Ao ouvir, ele disfarça um leve sorriso e diz: — Passa o telefone pra ela.

Conversam durante uns 30 minutos e combinam um jantar.

A saudade de um pelo outro estava escondida no âmago deles. O sentimento que ambos nutriam, estava carimbado com seus respectivos nomes. Não havia como negar. Eles ainda carregam tenras saudades, choros, mágoas e tristezas. Carlos não tinha como fazer contato porque ela havia ido para Bogotá. A única chance de um possível reencontro seria pela iniciativa de Paula, visto que, Carlos e sua família moravam no mesmo local.

Ao telefone, ele comentara não apenas da saudade, mas também das viagens constantes no túnel do tempo com direito a reviver antigas emoções.

Após as despedidas, o protagonista daquele amor impossível rememora a adolescência e acende uma pequena chama. A chama da probabilidade em continuar de onde pararam.

Ele sente o coração acelerar e questiona a si mesmo: como ela deve estar hoje em dia? O que ela sentirá quando me encontrar?

E chega o grande momento.

Enquanto dirige, sua mente retira do seu arquivo passagens maravilhosas que eles desfrutaram em conjunto. Estaciona seu carro, faz o check-in junto ao espelho retrovisor externo e ingressa no restaurante combinado. Ao passar pela porta, logo na entrada, seu olhar adquire a visão panorâmica do local. A imagem de Paula ainda era da adolescência. Não avista nenhuma mulher sozinha. Escolhe a mesa e dirige-se para a mesma. Um garçom se aproxima e ele pede um copo de chopp. Pega o cardápio e começa a ler. Ergue a cabeça, olha a entrada do restaurante e nada. Torna a observar o cardápio. Abre, fecha, reabre e torna a fechar. De repente, ele ouve uma voz ao seu lado: — Quando é para ser, não adianta. Você não mudou em nada.

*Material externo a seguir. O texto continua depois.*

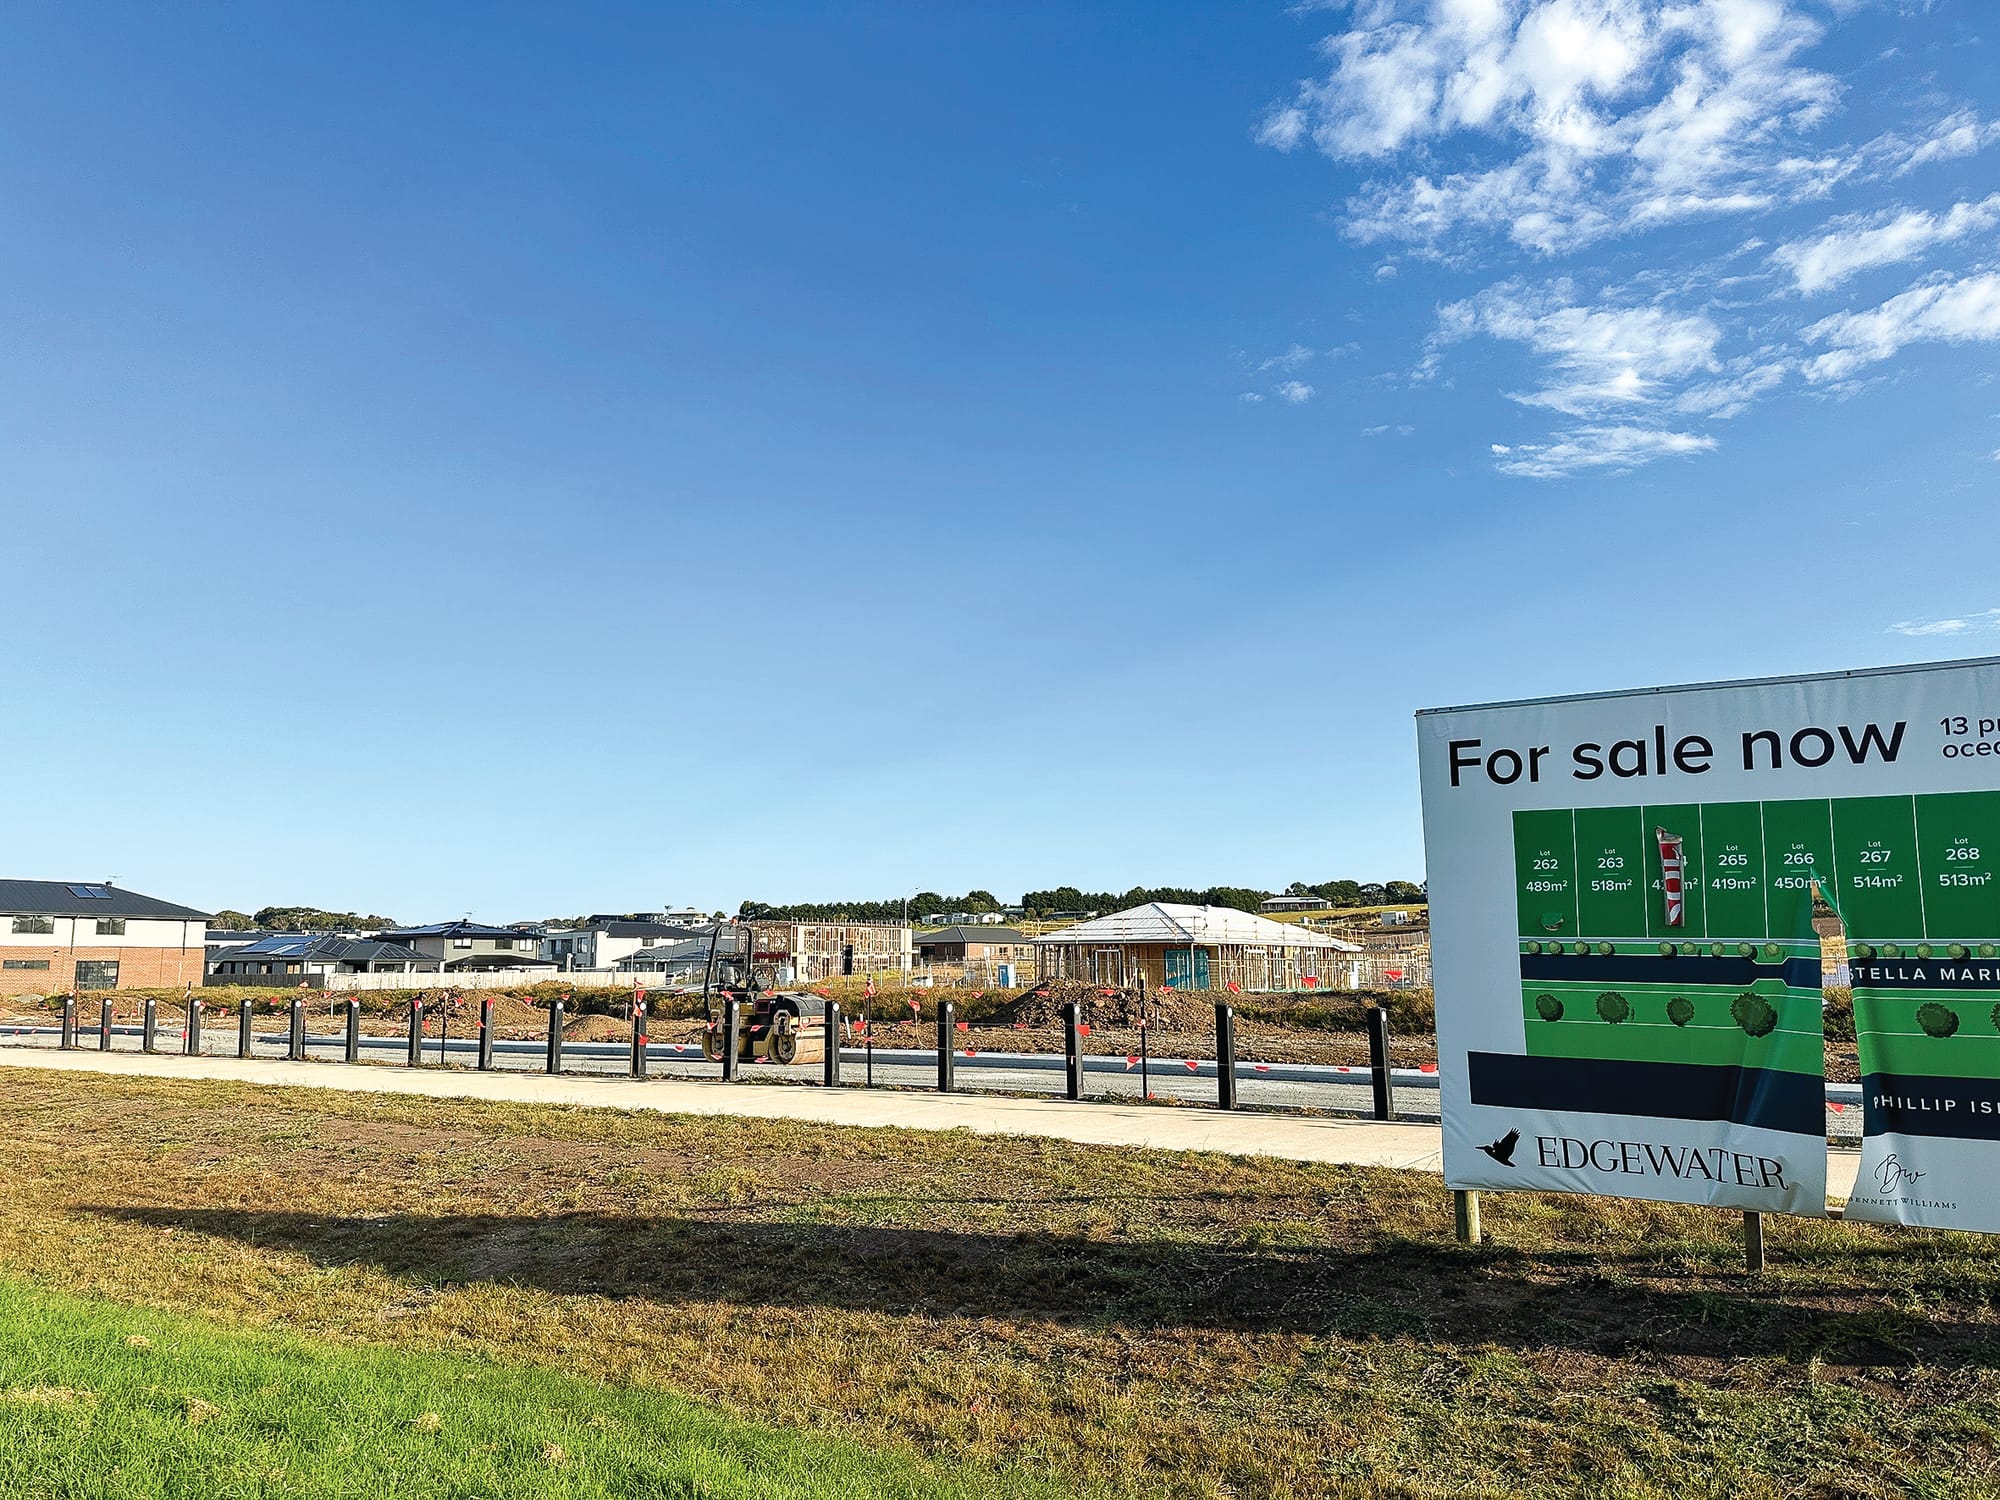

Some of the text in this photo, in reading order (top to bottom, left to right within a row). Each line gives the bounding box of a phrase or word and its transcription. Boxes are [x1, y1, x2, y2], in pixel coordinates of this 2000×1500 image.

[1940, 716, 2000, 738] 13 p
[1448, 721, 1907, 787] For sale now
[1867, 840, 1882, 848] Lot
[1954, 837, 1969, 845] Lot
[1725, 844, 1739, 852] Lot
[1945, 847, 1980, 861] 268
[1597, 856, 1624, 869] 263
[1718, 854, 1748, 866] 265
[1783, 852, 1815, 865] 266
[1859, 850, 1892, 863] 267
[1533, 858, 1559, 870] 262
[1525, 879, 1568, 892] 489m²
[1591, 878, 1633, 892] 518m²
[1711, 876, 1757, 890] 419m²
[1853, 874, 1904, 888] 514m²
[1939, 872, 1992, 887] 513m²
[1873, 1095, 2000, 1114] PHILLIP IS
[1534, 1135, 1789, 1191] EDGEWATER

Carlos se levanta e, de frente a ela, segura suas mãos e acrescenta: — Paula, você está mais linda do que antes.

Abraçam-se e esquecem que estão em pé e ao lado da mesa que ele escolheu. Logo depois, se acomodam, permanecem por alguns segundos em silencio contemplando um ao outro.

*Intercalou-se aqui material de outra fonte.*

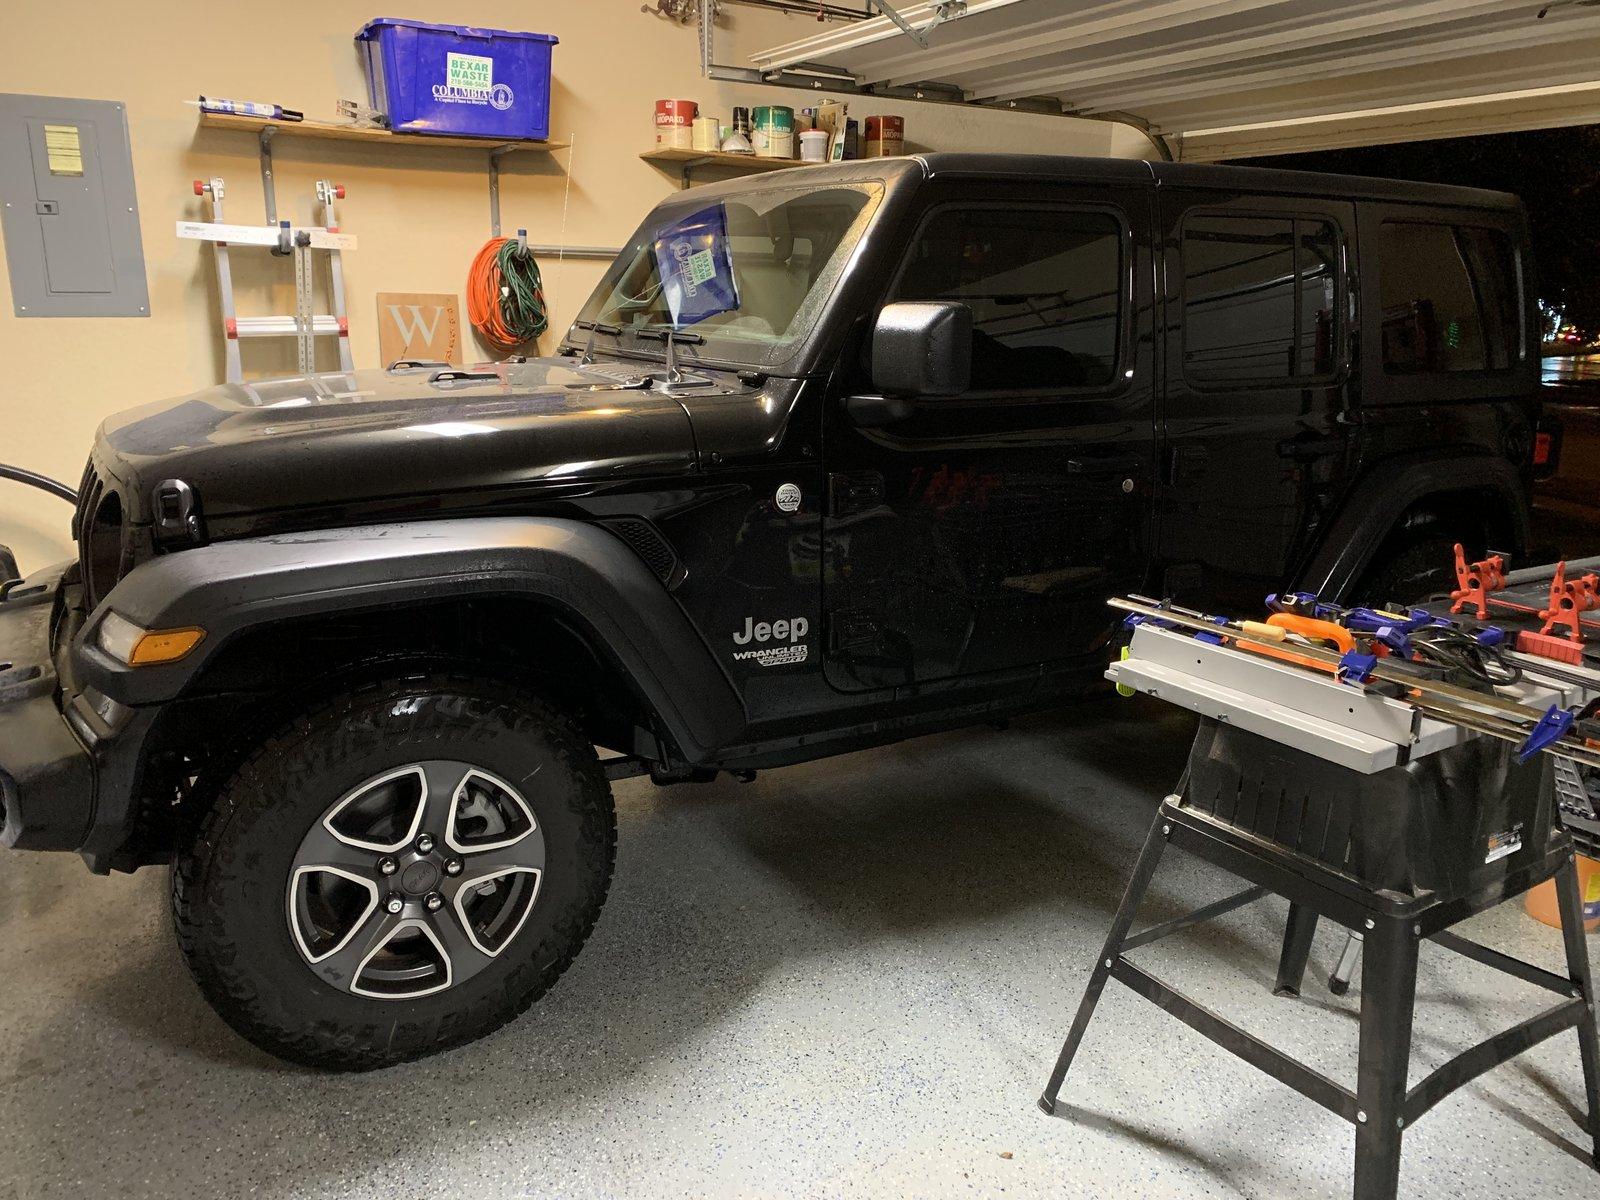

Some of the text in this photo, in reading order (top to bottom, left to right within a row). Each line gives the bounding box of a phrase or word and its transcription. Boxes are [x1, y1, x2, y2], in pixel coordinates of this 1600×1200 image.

[451, 60, 489, 73] BEXAR
[451, 69, 489, 82] WASTE
[432, 84, 490, 99] COLUMBIA
[385, 304, 445, 349] W
[732, 616, 809, 645] Jeep
[732, 644, 808, 661] WRANGLER

O jantar fora acompanhado de sorrisos, gargalhadas e até pequenos toques junto às respectivas faces e mãos.

À saída do restaurante, eles trocam números de contatos e e-mails. Manifestam a vontade de outros reencontros. Carlos acompanha Paula até seu carro. Ela coloca a chave na fechadura da porta e, como um raio, ele a segura pela cintura. Delicadamente, com a mão direita, ele a toca em seu rosto, acaricia-a e vagarosamente aproxima-se de seus lábios. Paula não resiste àquele momento encantador ou mágico que os domina. É o beijo do reencontro, da saudade guardada, das lembranças ou dos desejos ocultos tão sonhados. Atualmente, ele, com 56 anos e dois filhos do primeiro casamento, ela, com 54 anos, duas filhas e um filho, também do primeiro casamento, continuam da mesma maneira: corda e caçamba – sempre juntos, entretanto, agora casados.